Active Immunity- Definition, Characteristics, Types, Examples
Active immunity is a type of immunity that results from the production of antibodies by the immune system in response to the presence of an antigen. An antigen is a foreign substance that can trigger an immune reaction, such as a virus, bacterium, or toxin. Active immunity can be acquired through natural or artificial means.
Active immunity has the following characteristics:
- It involves the production of antibodies and memory cells by the individual`s own immune system. Antibodies are proteins that bind to specific antigens and mark them for destruction by other immune cells. Memory cells are long-lived cells that remember the antigen and can quickly mount a stronger response upon re-exposure.
- It requires time to develop. The first exposure to a pathogen or its antigen triggers a primary immune response, which takes days or weeks to reach its peak. However, if the same pathogen or antigen is encountered again, the memory cells initiate a secondary immune response, which is faster and more effective than the primary response.
- It is long-lasting and can provide lifelong protection. The memory cells produced during active immunity can persist for years or even decades in the body, ready to respond to any future exposure to the same pathogen or antigen. This is why some diseases, such as chickenpox or measles, usually occur only once in a lifetime.
- It can have side effects. Active immunity can sometimes cause adverse reactions, such as fever, inflammation, pain, or allergic responses. These are usually mild and temporary, but in rare cases they can be severe or even life-threatening. Moreover, active immunity can also lead to autoimmune diseases, in which the immune system mistakenly attacks the body`s own tissues.
Active immunity can be classified into two types: natural active immunity and artificial active immunity. Both types involve exposure to an antigen and the subsequent production of antibodies and memory cells by the immune system. However, the source and mode of exposure differ in each type.
Natural active immunity
Natural active immunity is the immunity that is acquired when an individual is exposed to a live pathogen, either clinically or subclinically, through natural infection. This means that the individual develops the disease and symptoms, and then recovers from it. As a result of the infection, the immune system generates a primary response against the pathogen and produces memory cells that can recognize and eliminate the same pathogen in the future. Natural active immunity is usually long-lasting and can confer lifelong protection against some diseases.
For example, when a person gets infected with chickenpox virus (varicella-zoster virus), they develop a rash and fever for a few days or weeks. After recovering from the infection, they become immune to chickenpox for the rest of their life. This is because their immune system has learned to recognize and destroy the chickenpox virus if it ever encounters it again.

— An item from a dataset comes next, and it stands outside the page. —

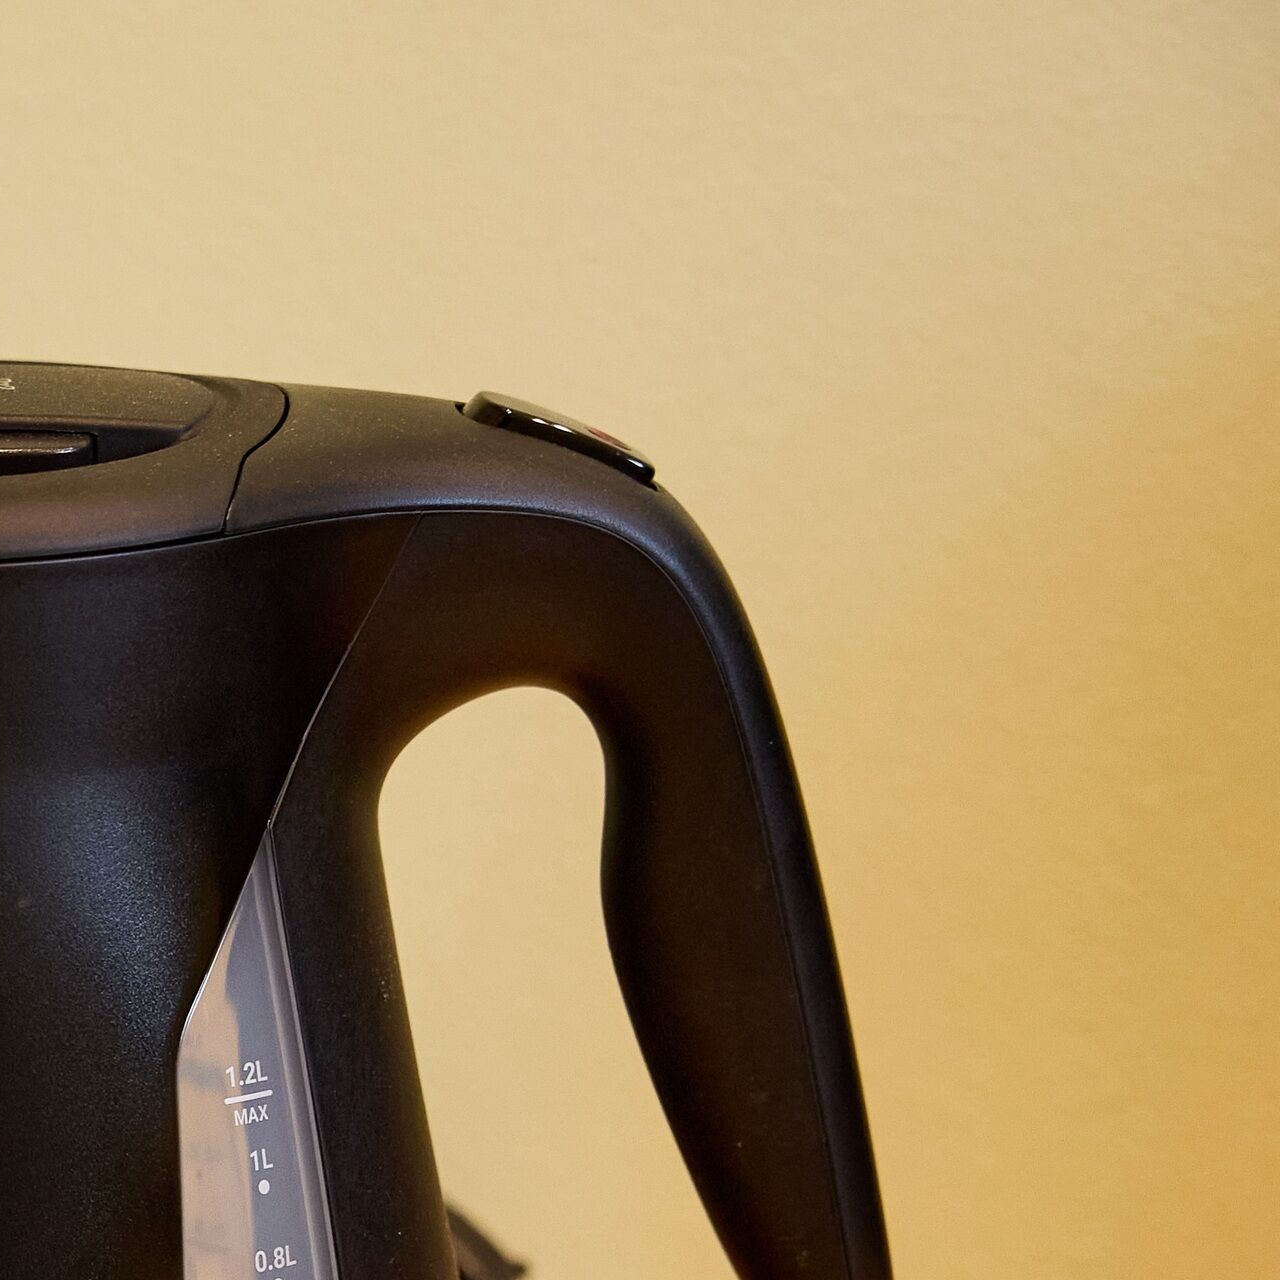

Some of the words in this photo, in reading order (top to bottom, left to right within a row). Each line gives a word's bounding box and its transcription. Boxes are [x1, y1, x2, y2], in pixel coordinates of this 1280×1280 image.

[225, 1060, 268, 1088] 1.2L
[234, 1105, 269, 1126] MAX
[249, 1148, 274, 1171] 1L
[254, 1245, 297, 1273] 0.8L

Artificial active immunity
Artificial active immunity is the immunity that is acquired when an individual is exposed to an antigen that is derived from a pathogen, but does not cause the disease. This type of exposure is deliberate and induced by immunization or vaccination. Vaccination involves introducing a weakened, killed, or inactivated form of a pathogen or its components into the body to stimulate the immune system to produce antibodies and memory cells against it. Artificial active immunity also takes time to develop, but it can provide long-term or lifelong protection against some diseases.

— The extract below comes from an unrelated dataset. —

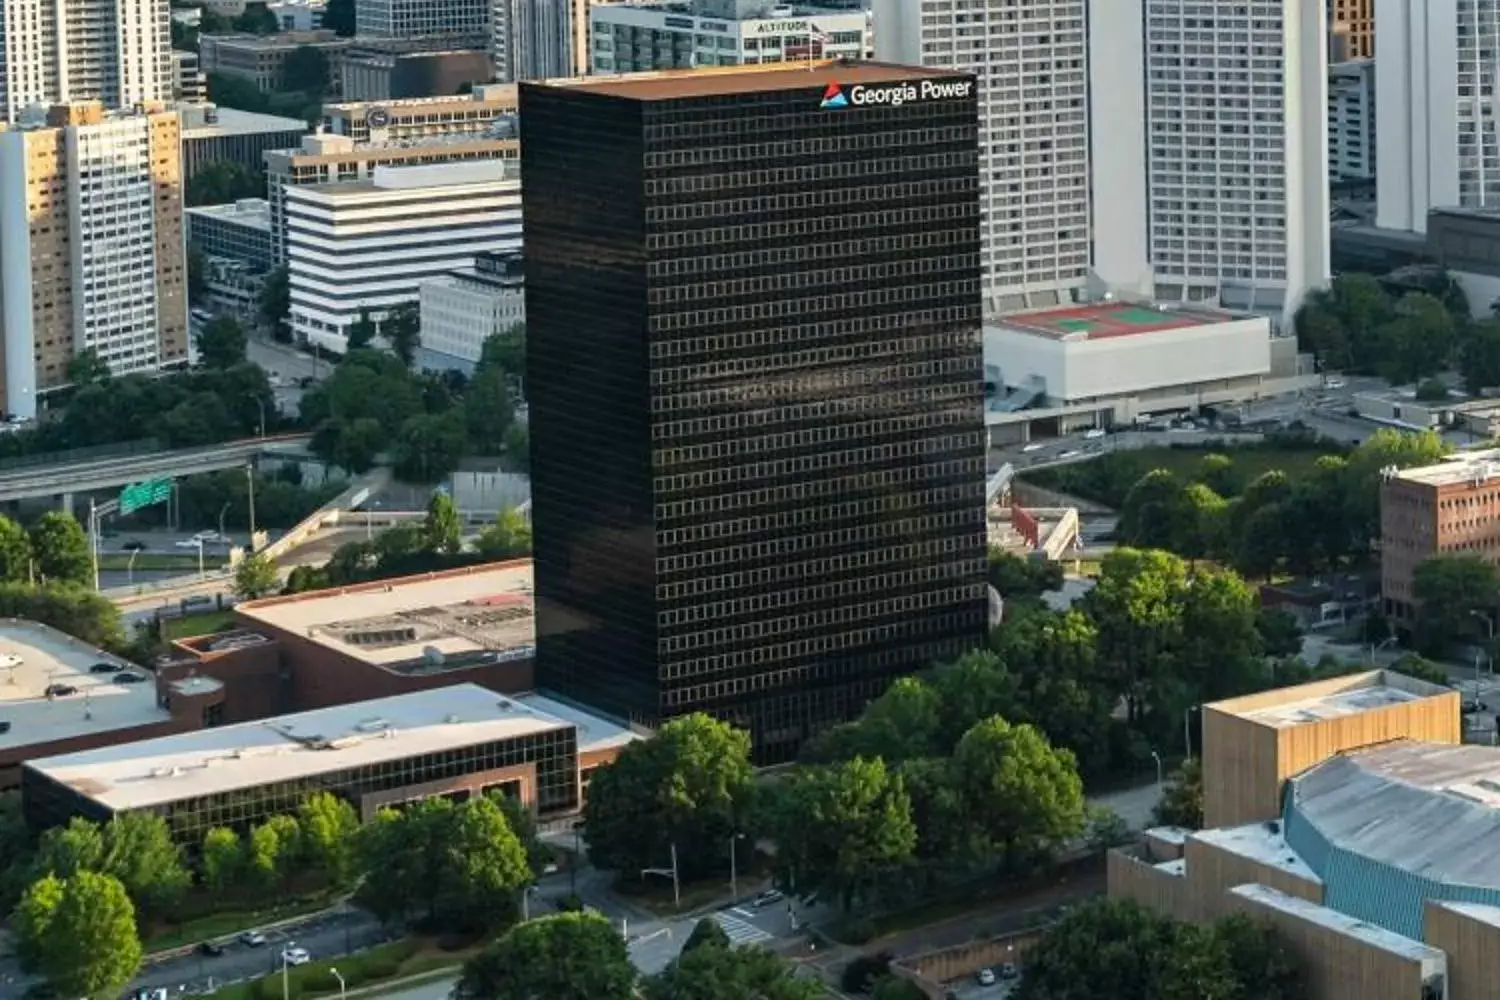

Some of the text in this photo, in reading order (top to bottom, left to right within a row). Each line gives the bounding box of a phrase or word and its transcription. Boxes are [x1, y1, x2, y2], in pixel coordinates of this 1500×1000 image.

For example, when a person receives a vaccine against measles virus (measles-mumps-rubella vaccine), they are exposed to a weakened form of the virus that does not cause measles. However, their immune system recognizes the virus as foreign and produces antibodies and memory cells against it. If they ever encounter the wild-type measles virus in the future, their immune system will be able to mount a faster and stronger secondary response and prevent them from getting sick.

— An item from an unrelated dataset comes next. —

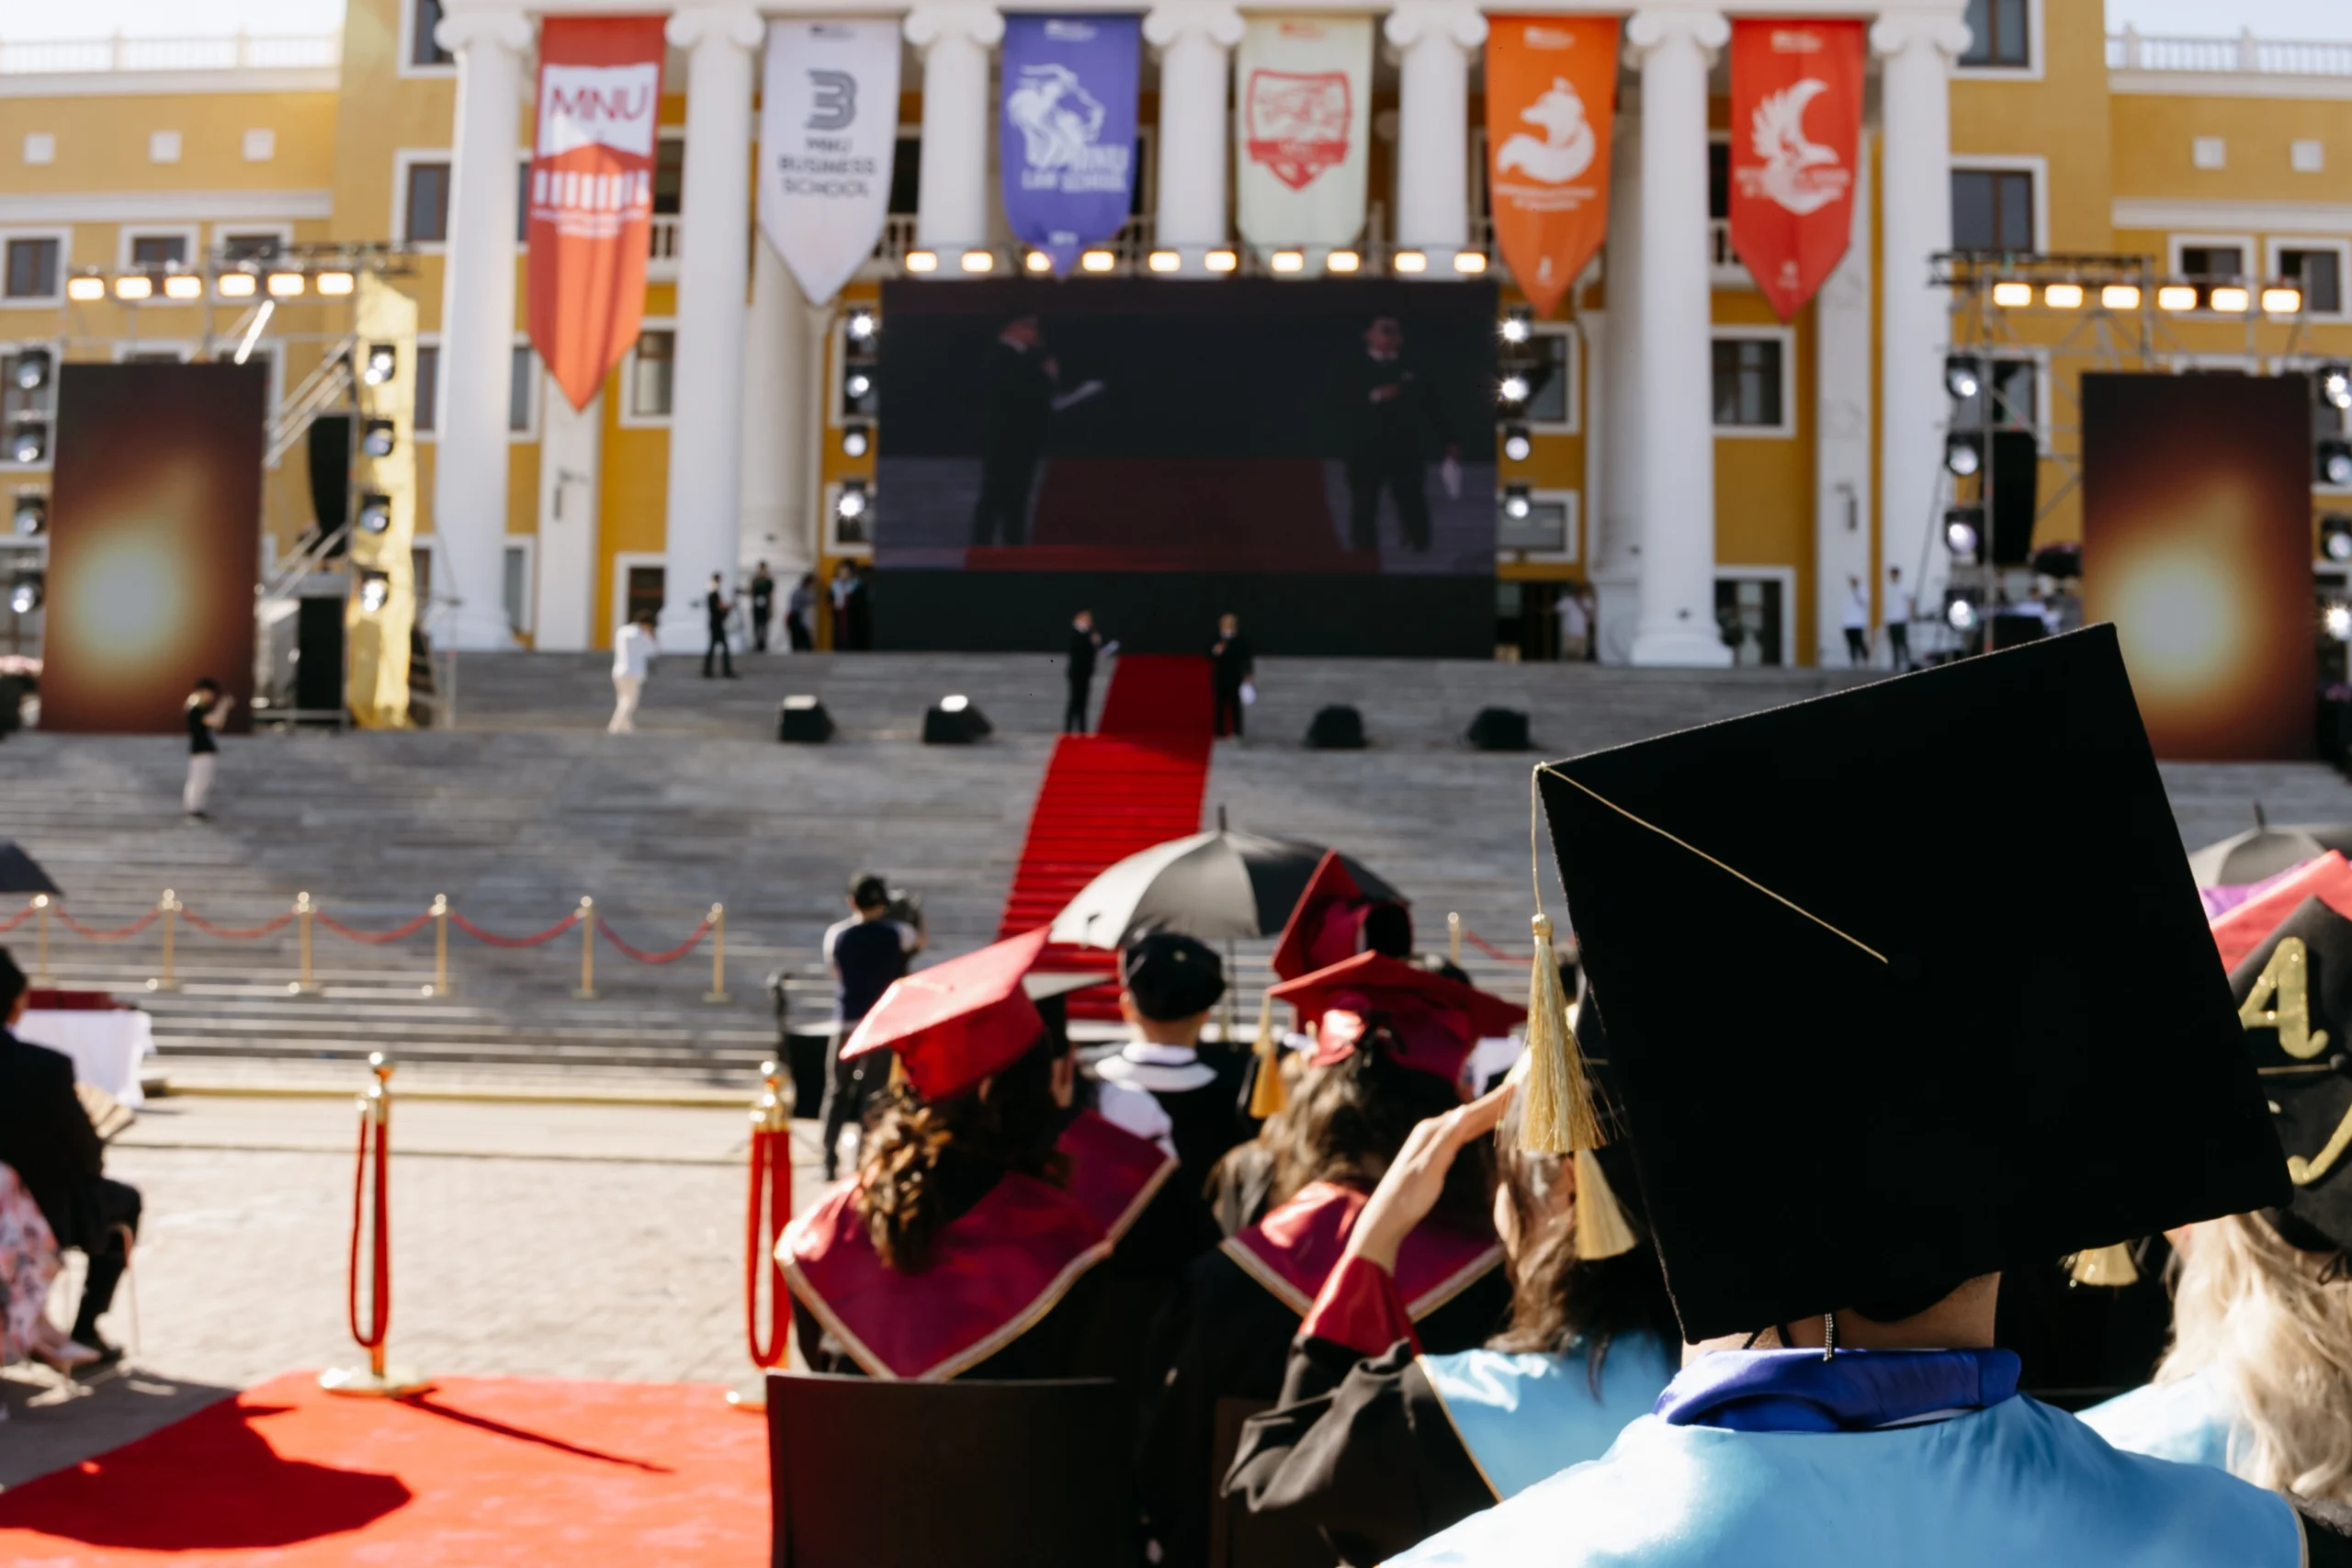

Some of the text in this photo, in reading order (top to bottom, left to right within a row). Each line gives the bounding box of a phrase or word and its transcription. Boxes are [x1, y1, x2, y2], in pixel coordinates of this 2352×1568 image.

[549, 85, 650, 121] MNU
[779, 157, 877, 175] BUSINESS
[784, 178, 869, 198] SCHOOL

Artificial active immunity has many advantages over natural active immunity. It can prevent diseases that are serious, contagious, or have no effective treatment. It can also protect people who are at high risk of infection or complications due to age, health conditions, or occupation. It can also reduce the spread of diseases in the population and contribute to herd immunity. However, artificial active immunity also has some limitations and challenges. It may not be effective against all strains or variants of a pathogen. It may require multiple doses or boosters to maintain adequate levels of protection. It may also cause adverse reactions or side effects in some individuals.
Active immunity is mediated by two types of immune responses: humoral immunity and cell-mediated immunity. These responses involve different types of cells and molecules that work together to eliminate or kill various pathogens.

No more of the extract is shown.